唐天坐在茶社裡,一邊喝著茶,一邊等候著鐵頭的消息。
大約過了半個小時,茶社的服務生忽然叫他去接電話,說有人把電話打到服務台找他。
他敲著拐杖走過去,一接電話,是鐵頭打來的。他就問:「丁婕抓到了?」
鐵頭喪氣地說:「沒有,讓她給跑了。我帶人到青陽大酒店找她,把你的推理一字不漏地跟她說了,她當時就認罪了,只是說要進屋換件衣服才能跟我們走。誰知我們在她房門口等了十幾分鐘,也沒見她出來,撞門進去一看,才知道她已翻窗逃走。我們在酒店周圍找了一圈,也沒找到她。」
唐天「哦」了一聲,說:「那就太可惜了。

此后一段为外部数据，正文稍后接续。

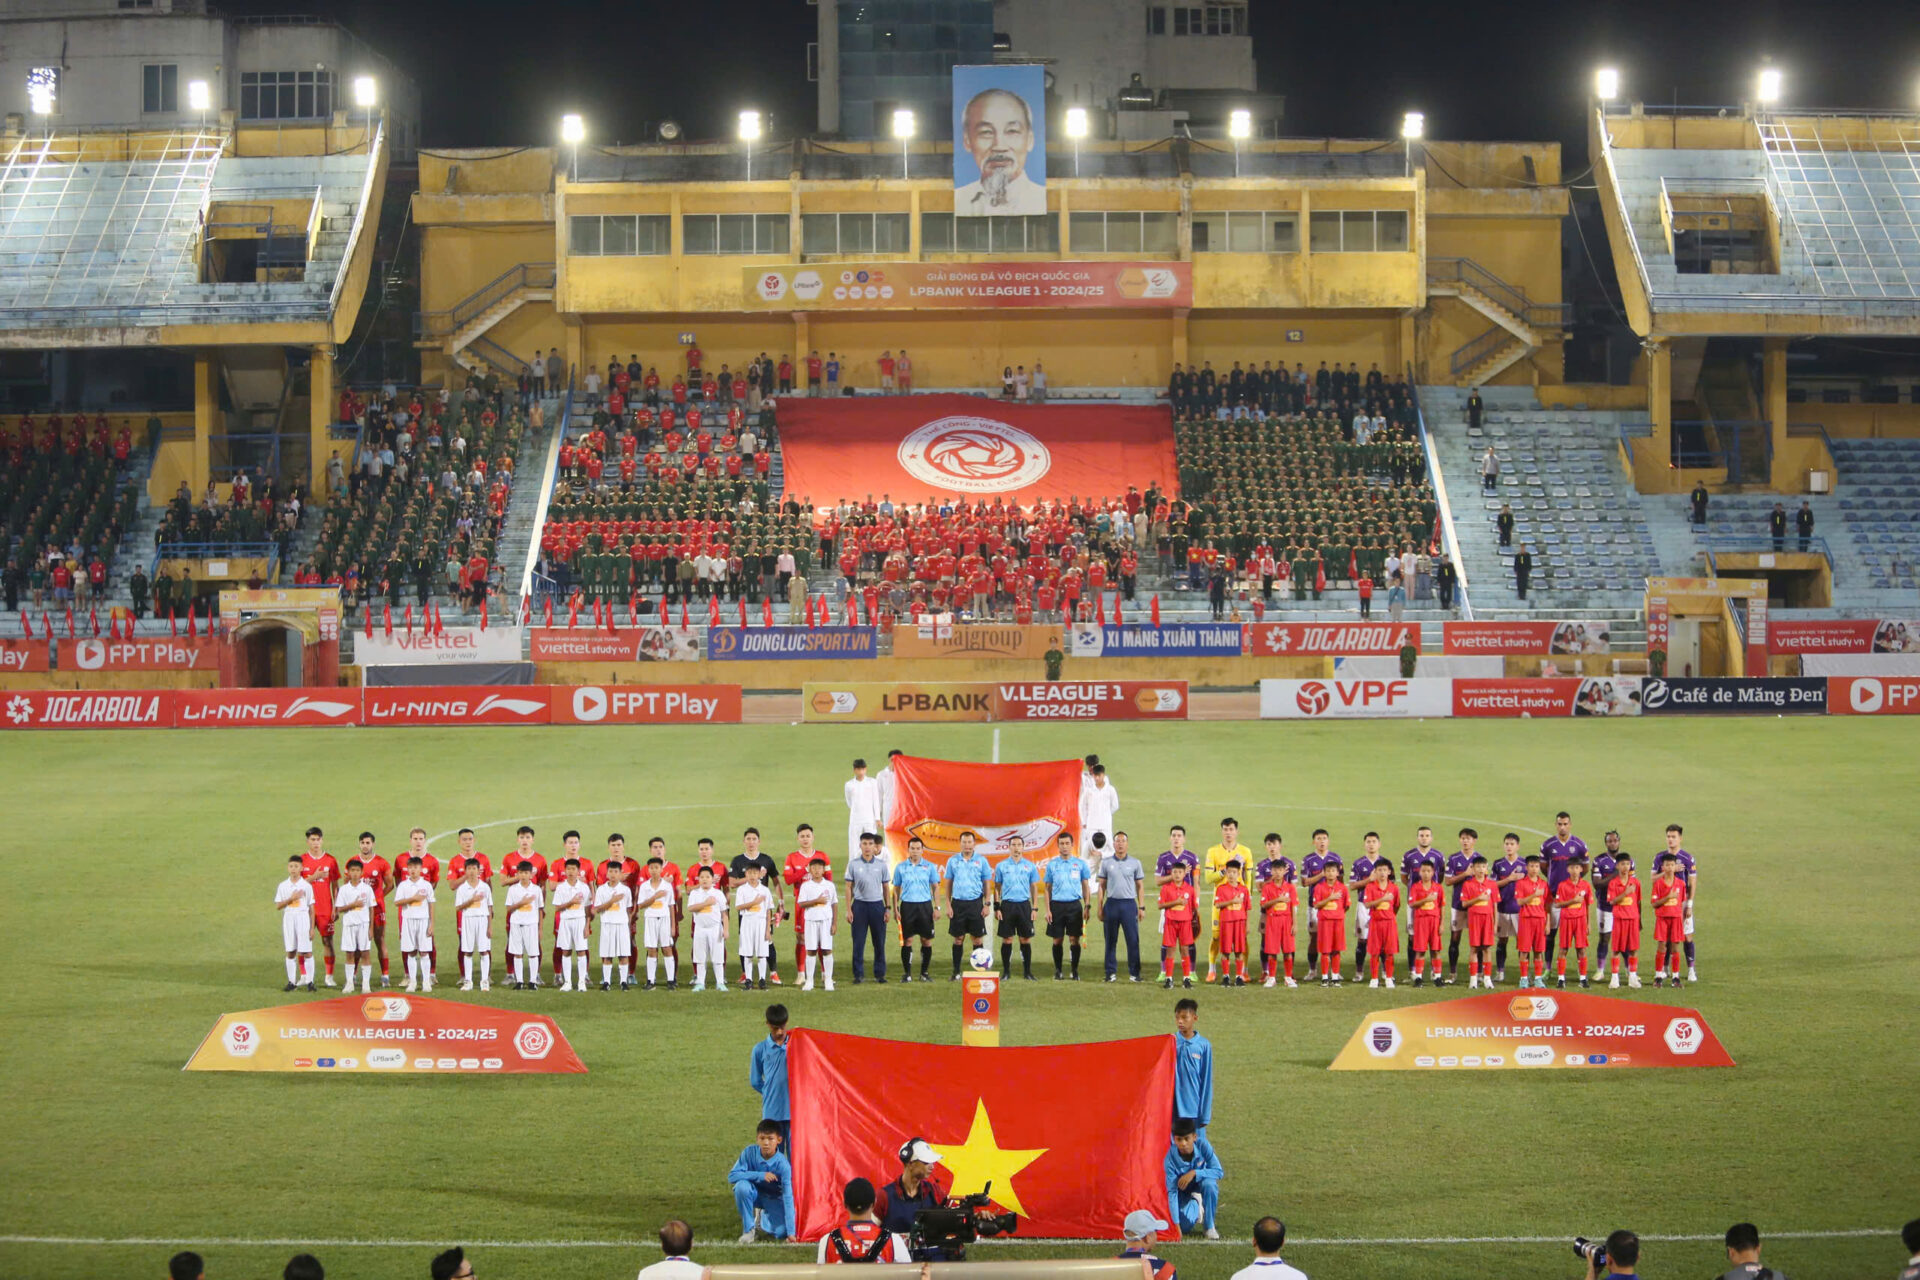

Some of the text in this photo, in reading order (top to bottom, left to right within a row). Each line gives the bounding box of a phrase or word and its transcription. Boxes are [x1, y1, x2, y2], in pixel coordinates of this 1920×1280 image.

[1072, 271, 1090, 281] GIA
[910, 286, 964, 297] LPBANK
[967, 286, 1031, 296] V.LEAGUE
[1034, 286, 1041, 296] 1
[1050, 286, 1104, 296] 2024/25
[681, 333, 693, 344] 11
[1288, 331, 1300, 341] 12
[397, 632, 477, 650] viettel
[742, 633, 871, 652] DONGLUCSPORT.VN
[1107, 631, 1119, 647] XI
[1163, 626, 1196, 647] XUÂN
[1200, 626, 1239, 647] THÀNH
[1297, 628, 1408, 651] JOGARBOLA
[1451, 636, 1502, 647] viettel
[1504, 638, 1530, 648] study
[1776, 635, 1828, 647] viettel
[1828, 637, 1853, 648] study
[110, 644, 199, 668] FPT Play
[437, 652, 477, 661] your way
[538, 642, 590, 654] viettel
[592, 645, 618, 655] study
[0, 646, 29, 670] lay
[1000, 685, 1124, 701] V.LEAGUE 1
[1334, 680, 1408, 706] VPF
[1672, 687, 1823, 705] Café de Măng Đen
[1888, 684, 1920, 706] FP
[40, 696, 160, 722] JOGARBOLA
[371, 701, 468, 717] LI-NING
[612, 692, 718, 720] FPT Play
[883, 694, 990, 711] LPBANK
[1462, 695, 1520, 708] viettel
[1522, 697, 1550, 709] study
[183, 704, 277, 719] LI-NING
[1026, 704, 1098, 717] 2024/25
[280, 1027, 340, 1039] LPBANK
[343, 1027, 416, 1039] V.LEAGUE
[418, 1028, 426, 1039] 1
[437, 1028, 498, 1040] 2024/25
[1425, 1026, 1488, 1038] LPBANK
[1490, 1026, 1563, 1037] V.LEAGUE
[1565, 1025, 1574, 1037] 1
[1585, 1025, 1645, 1037] 2024/25
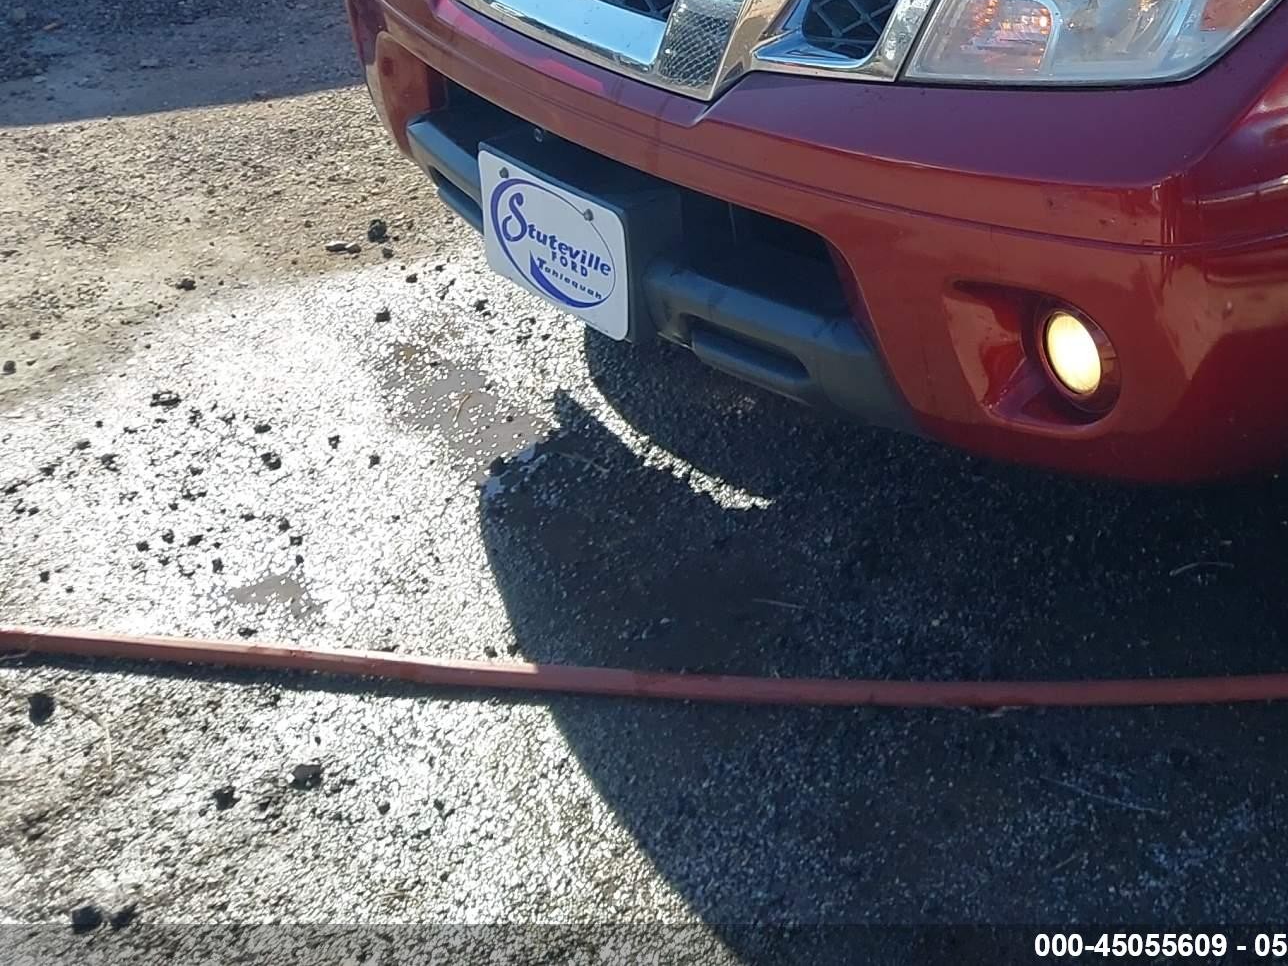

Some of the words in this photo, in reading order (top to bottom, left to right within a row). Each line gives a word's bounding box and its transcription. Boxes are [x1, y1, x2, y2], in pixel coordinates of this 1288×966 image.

[501, 191, 612, 277] Stuteville
[536, 256, 603, 300] Tahlequah
[551, 250, 589, 278] FORD
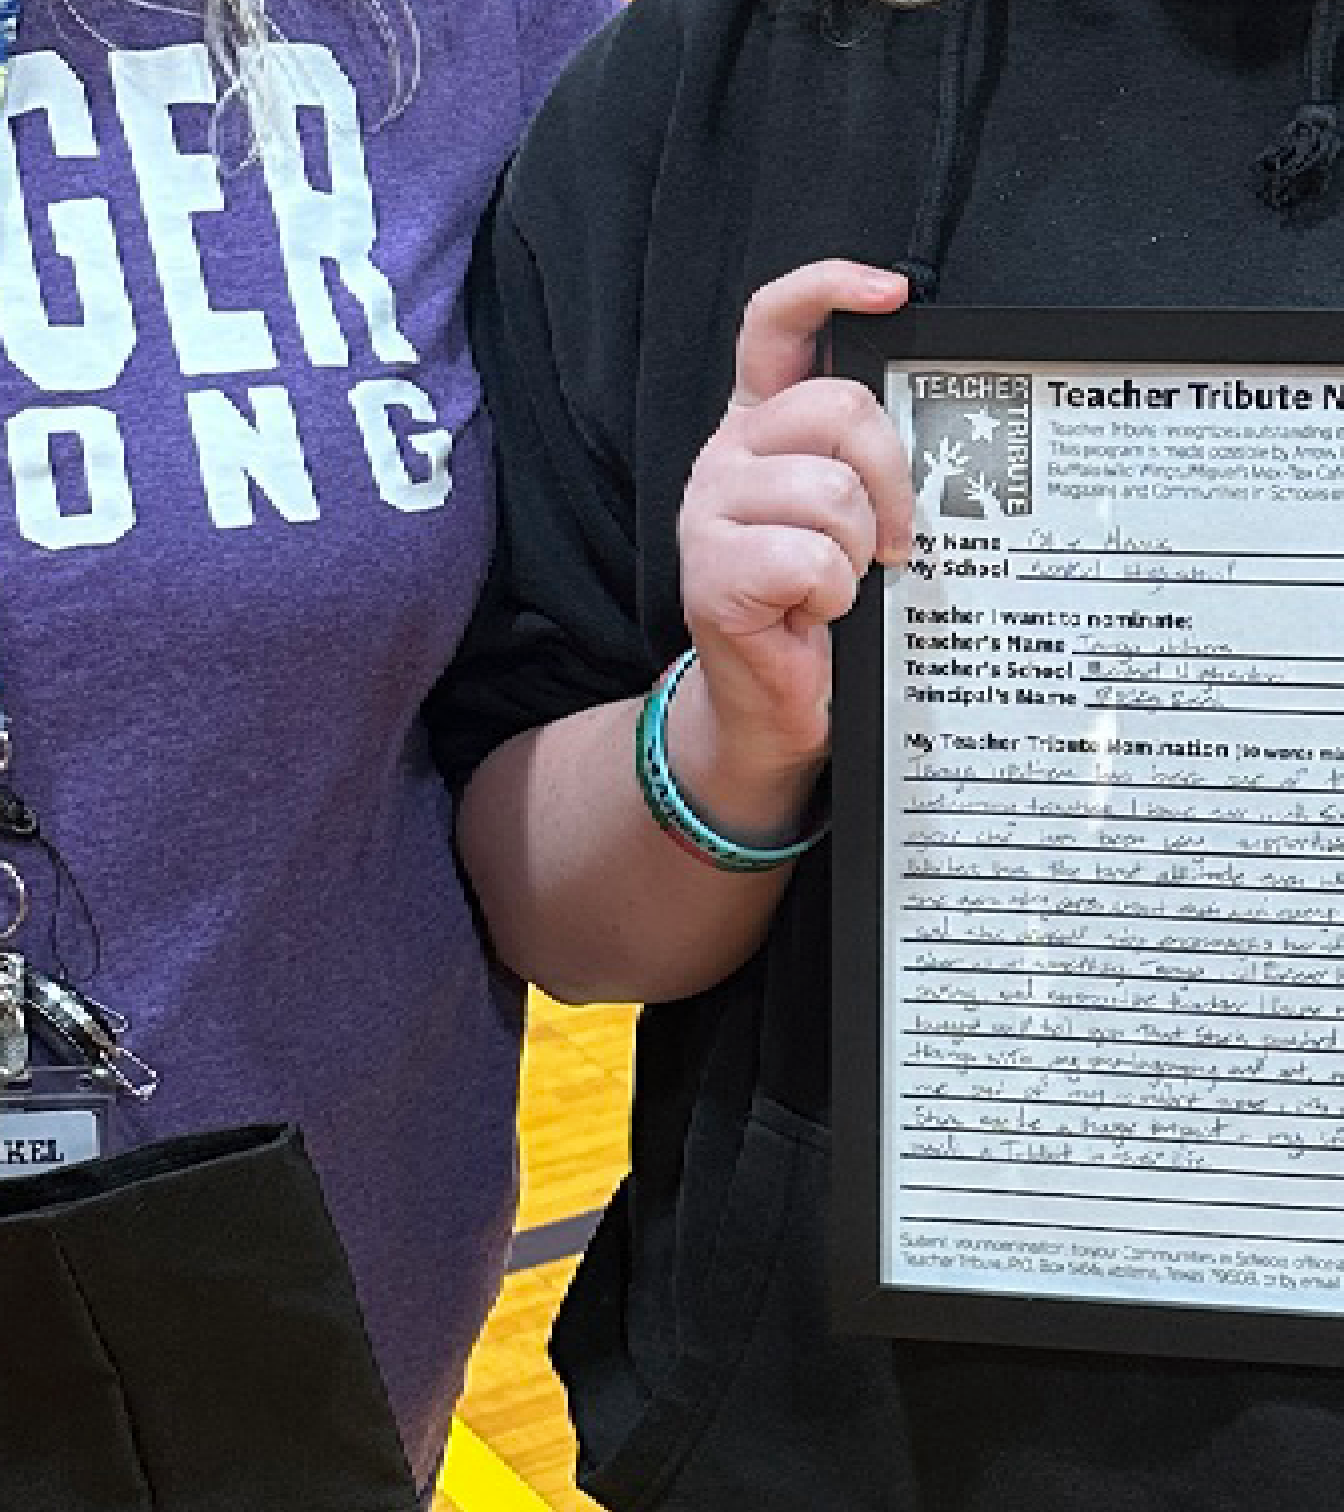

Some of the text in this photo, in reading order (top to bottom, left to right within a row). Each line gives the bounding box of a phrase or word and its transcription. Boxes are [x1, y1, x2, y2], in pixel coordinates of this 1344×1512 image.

[914, 374, 1029, 400] TEACHER
[1047, 380, 1180, 409] Teacher
[1188, 382, 1313, 410] Tribute
[1007, 403, 1029, 516] TRIBUTE
[943, 532, 1002, 552] Name
[906, 557, 1010, 581] My School
[905, 606, 984, 627] Teacher
[999, 609, 1055, 628] want
[1058, 610, 1081, 629] to
[1086, 610, 1194, 631] nominate:
[905, 631, 1066, 654] Teacher's Name
[905, 658, 1002, 679] Teacher's
[1006, 660, 1074, 682] School
[905, 685, 1010, 709] Principal's
[1015, 687, 1078, 707] Name
[905, 731, 936, 754] My
[940, 731, 1020, 752] Teacher
[1026, 734, 1099, 755] Tribute
[1105, 736, 1230, 759] Nomination

」
鐵頭頓了一下,說:「天哥,我看這個女人不簡單,她已經知道是你協助我們偵破這個案子的,我擔心她可能會去找你的麻煩。我馬上帶兩個兄弟趕去你那裡,你自己要小心點。」
唐天坦然一笑:「你太多心了吧?」
喝過早茶,唐天回到自己的小閣樓時,屋裡滴答作響的自鳴鐘正好敲響十下。
他剛踏進屋裡,就感覺到有些不對勁,眉頭微皺,嘴裡雖然若無其事地哼著花鼓戲,心裡卻警惕起來,忽然抬起手裡的拐杖,一按機簧,「波」的一聲,一枚銀針突然從拐杖里激射而出,直朝擺放自鳴鐘的方位射去。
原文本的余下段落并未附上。